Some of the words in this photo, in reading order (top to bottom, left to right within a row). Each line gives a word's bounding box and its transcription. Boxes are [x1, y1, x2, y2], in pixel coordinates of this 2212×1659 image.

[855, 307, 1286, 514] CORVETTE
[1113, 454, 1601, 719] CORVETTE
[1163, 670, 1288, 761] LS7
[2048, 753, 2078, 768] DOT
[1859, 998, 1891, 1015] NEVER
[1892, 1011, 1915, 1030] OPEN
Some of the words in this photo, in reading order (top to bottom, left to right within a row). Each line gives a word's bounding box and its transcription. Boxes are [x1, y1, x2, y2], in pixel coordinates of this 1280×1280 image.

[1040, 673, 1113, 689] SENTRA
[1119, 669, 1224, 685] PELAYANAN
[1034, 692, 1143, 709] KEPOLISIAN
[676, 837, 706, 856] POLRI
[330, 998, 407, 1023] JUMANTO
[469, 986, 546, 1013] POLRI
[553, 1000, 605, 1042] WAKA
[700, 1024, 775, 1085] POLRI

--------------------------------

### TASK GOAL
Give back the whole listing. Match it exactly.

### WRITTEN RESPONSE
Some of the words in this photo, in reading order (top to bottom, left to right within a row). Each line gives a word's bounding box and its transcription. Boxes are [x1, y1, x2, y2], in pixel coordinates of this 2212×1659 image.

[855, 307, 1286, 514] CORVETTE
[1113, 454, 1601, 719] CORVETTE
[1163, 670, 1288, 761] LS7
[2048, 753, 2078, 768] DOT
[1859, 998, 1891, 1015] NEVER
[1892, 1011, 1915, 1030] OPEN
Some of the words in this photo, in reading order (top to bottom, left to right within a row). Each line gives a word's bounding box and its transcription. Boxes are [x1, y1, x2, y2], in pixel coordinates of this 1280×1280 image.

[1040, 673, 1113, 689] SENTRA
[1119, 669, 1224, 685] PELAYANAN
[1034, 692, 1143, 709] KEPOLISIAN
[676, 837, 706, 856] POLRI
[330, 998, 407, 1023] JUMANTO
[469, 986, 546, 1013] POLRI
[553, 1000, 605, 1042] WAKA
[700, 1024, 775, 1085] POLRI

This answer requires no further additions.